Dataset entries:
______

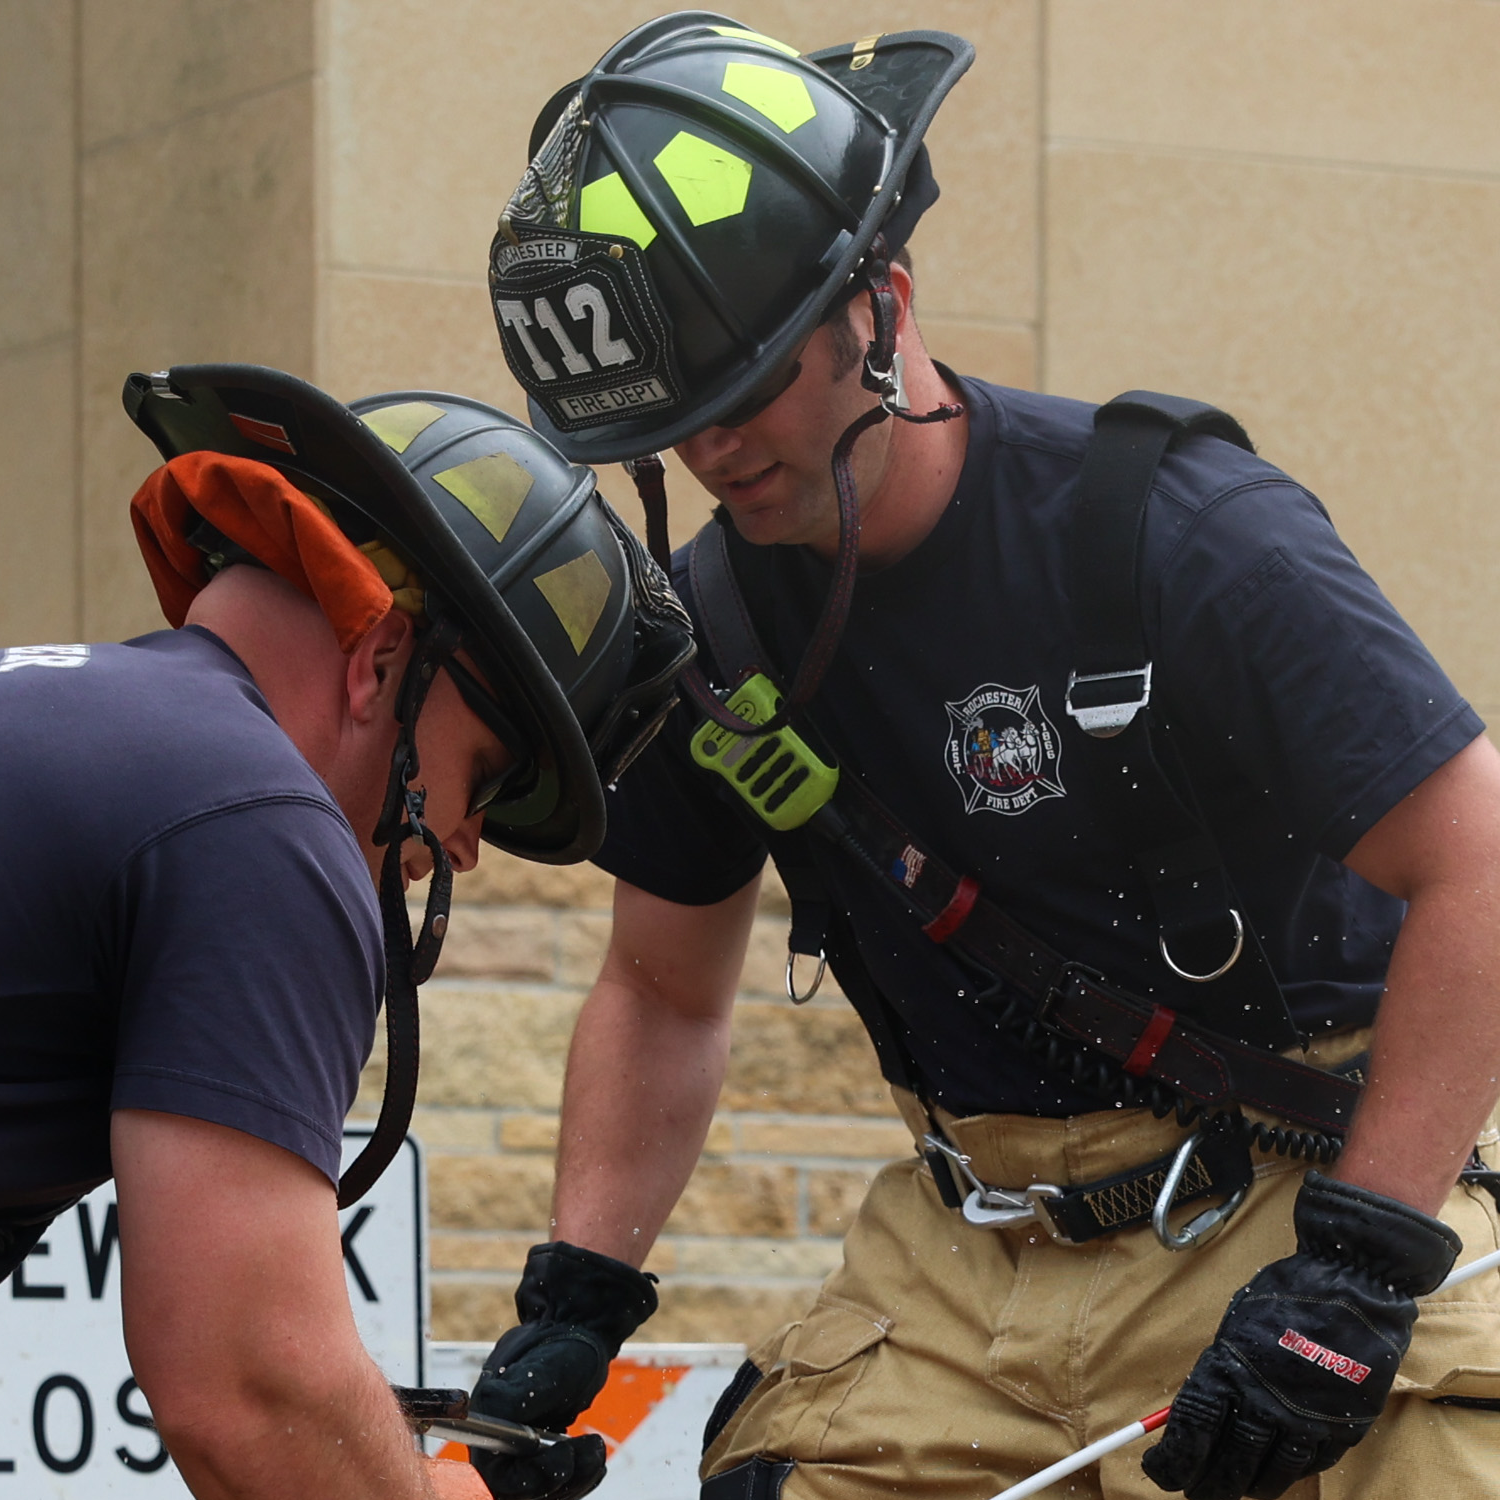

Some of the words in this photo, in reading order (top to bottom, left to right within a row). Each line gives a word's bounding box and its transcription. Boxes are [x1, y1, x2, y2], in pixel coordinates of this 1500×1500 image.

[497, 243, 566, 270] ROCHESTER
[497, 283, 636, 381] T12
[566, 394, 611, 416] FIRE
[609, 382, 659, 406] DEPT
[962, 692, 1023, 717] ROCHESTER
[950, 740, 966, 775] EST.
[1041, 722, 1055, 760] 1866
[986, 795, 1011, 810] FIRE
[1013, 787, 1038, 809] DEPT
[1278, 1328, 1372, 1385] EXCALIBUR
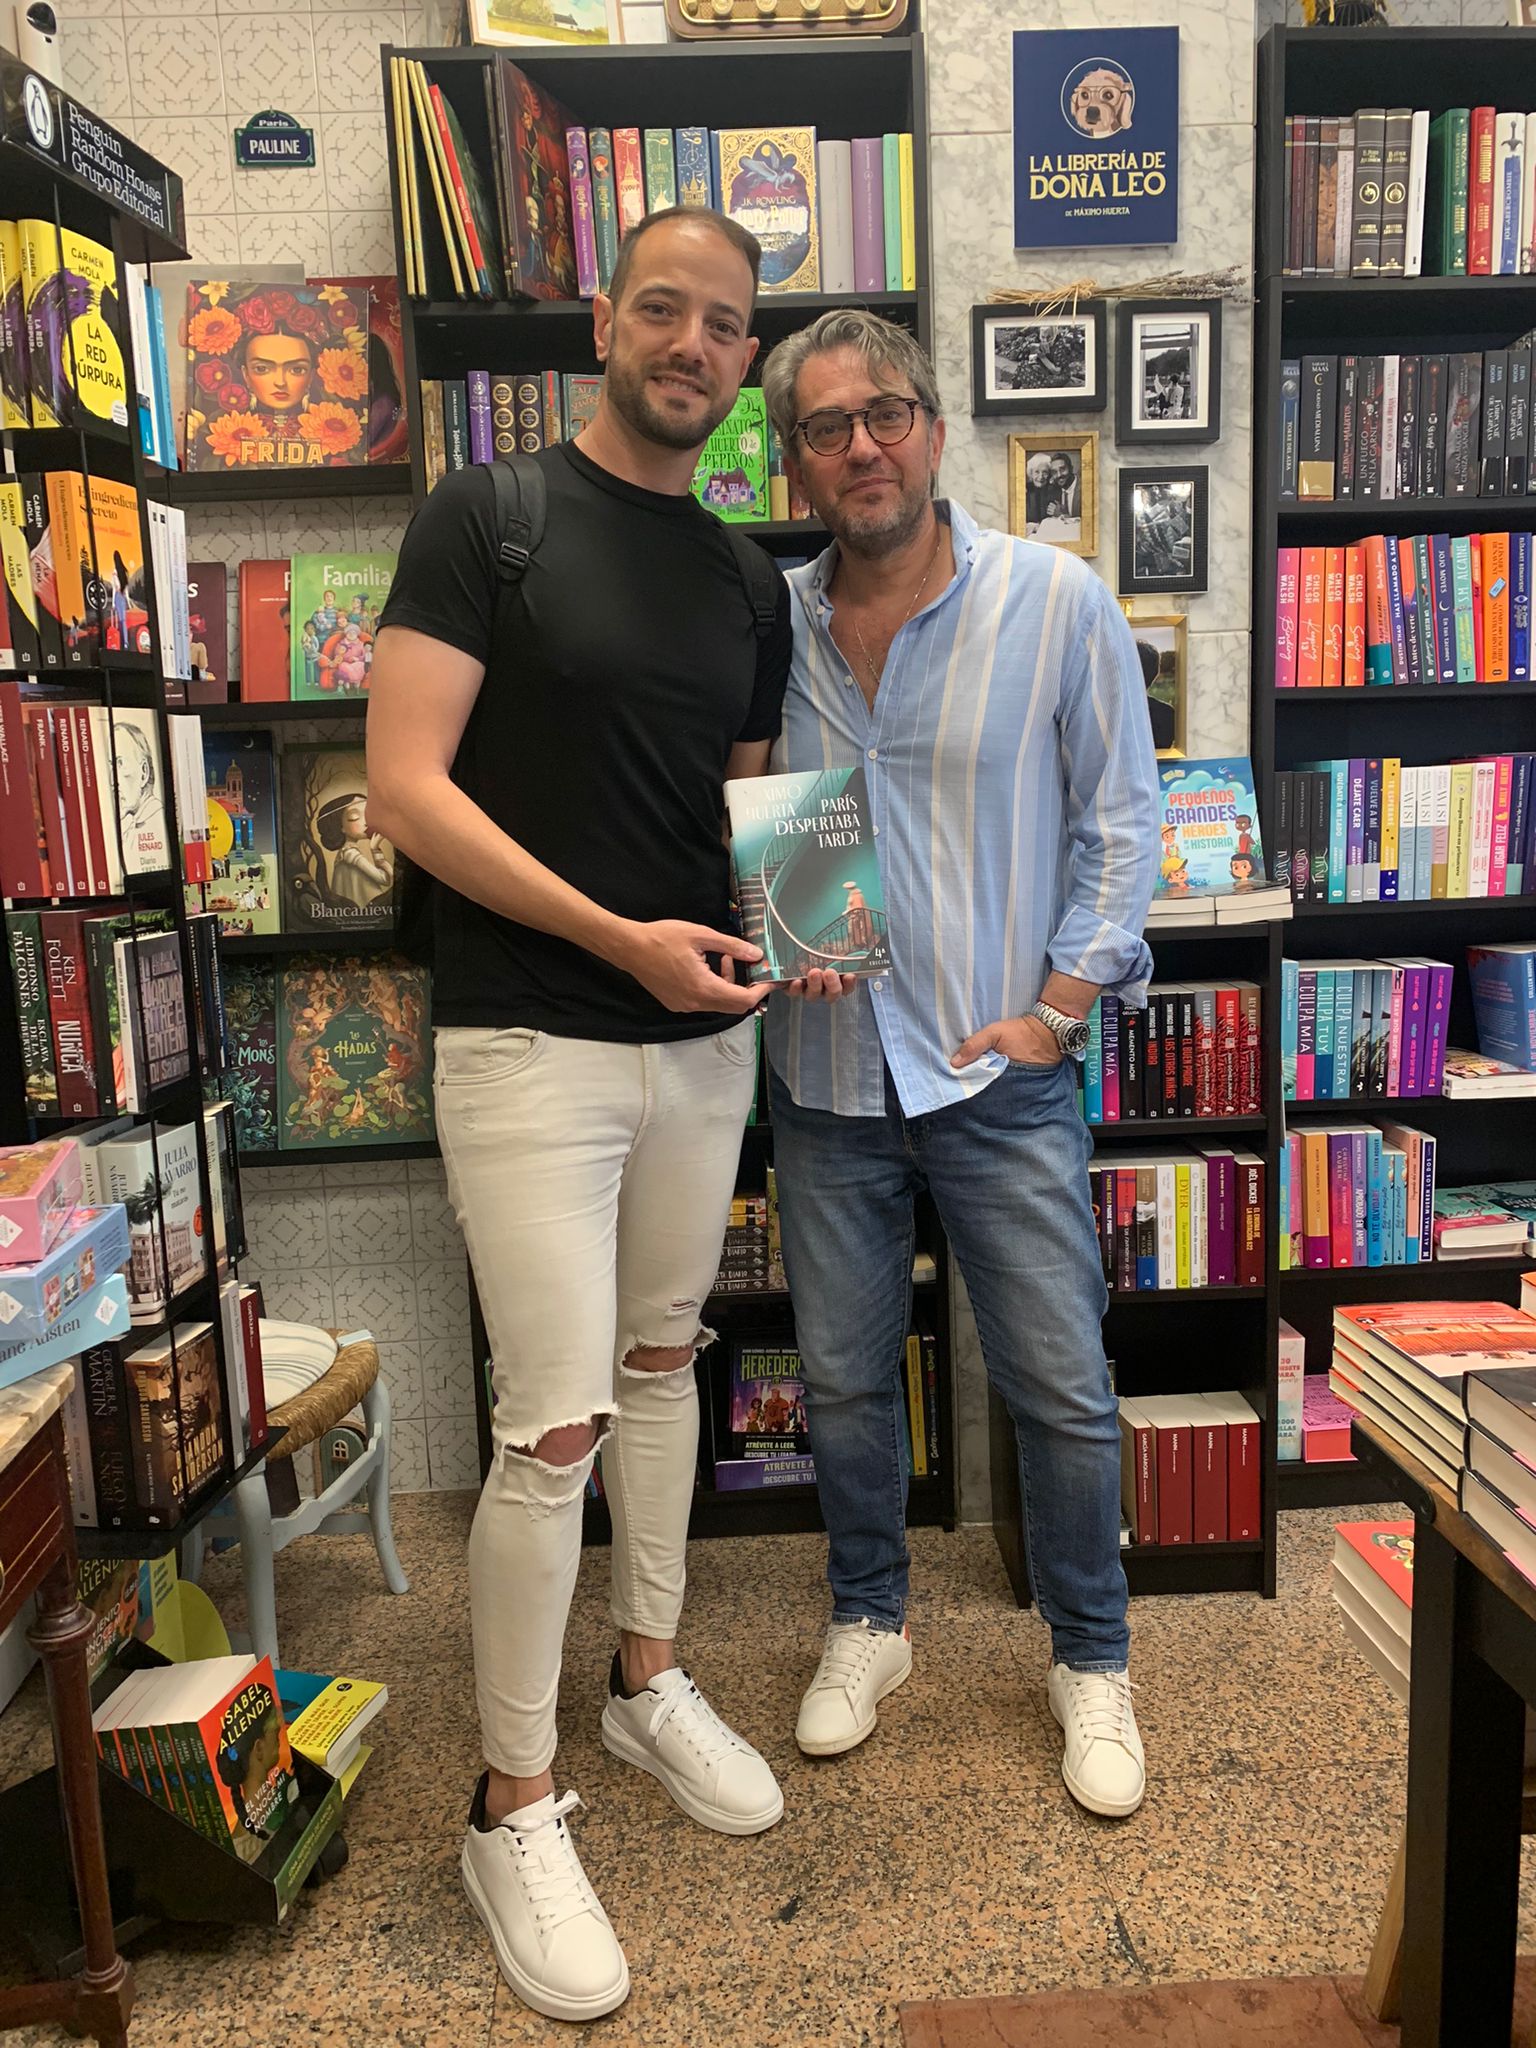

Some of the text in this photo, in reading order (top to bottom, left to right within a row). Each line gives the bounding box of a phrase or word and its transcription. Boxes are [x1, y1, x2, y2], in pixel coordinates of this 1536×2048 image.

[67, 101, 123, 158] Penguin
[259, 119, 289, 127] Paris
[249, 139, 301, 154] PAULINE
[1030, 150, 1166, 172] LA LIBRERÍA DE
[71, 126, 161, 205] Random House
[72, 152, 164, 228] Grupo Editorial
[1030, 171, 1166, 199] DOÑA LEO
[1505, 171, 1513, 225] ABERCROMBIE
[1074, 207, 1102, 217] MÁXIMO
[1103, 207, 1130, 215] HUERTA
[71, 248, 104, 269] CARMEN
[78, 265, 100, 280] MOLA
[87, 323, 102, 341] LA
[86, 344, 107, 364] RED
[78, 358, 123, 391] ÚRPURA
[241, 442, 324, 463] FRIDA
[704, 453, 754, 468] PEPINOS
[1360, 431, 1369, 479] UN FUEGO
[1369, 426, 1377, 484] EN LA CARNE
[7, 493, 16, 526] CARMEN
[33, 494, 41, 528] CARMEN
[8, 556, 17, 587] MADRES
[15, 564, 23, 578] LAS
[324, 564, 391, 587] Familia
[1392, 564, 1400, 601] LLAMADO
[1280, 575, 1288, 604] WALSH
[1279, 616, 1294, 661] Binding
[1410, 634, 1417, 643] de
[36, 718, 46, 747] FRANK
[59, 718, 69, 753] RENARD
[79, 718, 89, 753] RENARD
[1169, 788, 1235, 807] PEQUEÑOS
[1370, 779, 1378, 806] VUELVE
[1499, 763, 1509, 808] EMILY HENRY
[821, 794, 858, 813] PARÍS
[1165, 805, 1237, 824] GRANDES
[1353, 778, 1361, 828] DÉJATE CAER
[775, 813, 861, 836] DESPERTABA
[1369, 815, 1378, 828] MÍ
[138, 833, 155, 842] JULES
[138, 841, 162, 852] RENARD
[816, 830, 862, 849] TARDE
[1190, 837, 1233, 849] HISTORIA
[1494, 824, 1507, 869] LUGAR FELIZ
[140, 857, 156, 865] Diario
[13, 931, 31, 1008] FALCONES
[25, 937, 39, 1001] ILDEFONSO
[47, 939, 66, 1001] FOLLETT
[63, 955, 77, 985] KEN
[1248, 997, 1256, 1031] REY BLANCO
[1299, 986, 1315, 1053] CULPA MÍA
[1317, 986, 1334, 1055] CULPA TUY
[20, 1015, 33, 1067] LIBERTAD
[37, 1019, 48, 1063] ESCLAVA
[57, 1020, 83, 1074] NUNCA
[334, 1040, 377, 1058] HADAS
[1104, 1016, 1118, 1077] CULPA MÍA
[1128, 1029, 1136, 1063] MEMENTO
[1336, 986, 1352, 1085] CULPA NUESTRA
[1148, 1041, 1158, 1065] INDIRA
[1182, 1038, 1192, 1087] EL BUEN PADRE
[1088, 1054, 1098, 1086] TUYA
[1165, 1038, 1175, 1099] LAS OTRAS NIÑAS
[165, 1145, 189, 1169] JULIA
[118, 1168, 128, 1198] JULIA
[1180, 1179, 1188, 1209] DYER
[1249, 1168, 1257, 1205] JOËL DICKER
[1357, 1220, 1364, 1229] EN
[1357, 1229, 1365, 1247] AMOR
[1372, 1223, 1379, 1231] TE
[1372, 1233, 1379, 1242] NO
[1424, 1237, 1429, 1246] AL
[88, 1349, 107, 1416] MARTIN
[745, 1441, 773, 1449] ATRÉVETE
[764, 1460, 806, 1471] ATRÉVETE
[802, 1473, 812, 1481] TU
[220, 1682, 262, 1730] ISABEL
[219, 1690, 272, 1755] ALLENDE
[245, 1766, 280, 1813] EL VIENTO
[245, 1773, 286, 1829] CONOCE MI
[253, 1791, 283, 1833] NOMBRE

______

_EXERCISE OBJECTIVE_
Count up the lines in the entries above where the word "Boxes" appears, and give the figure with nothing added.

_RESULT BELOW_
2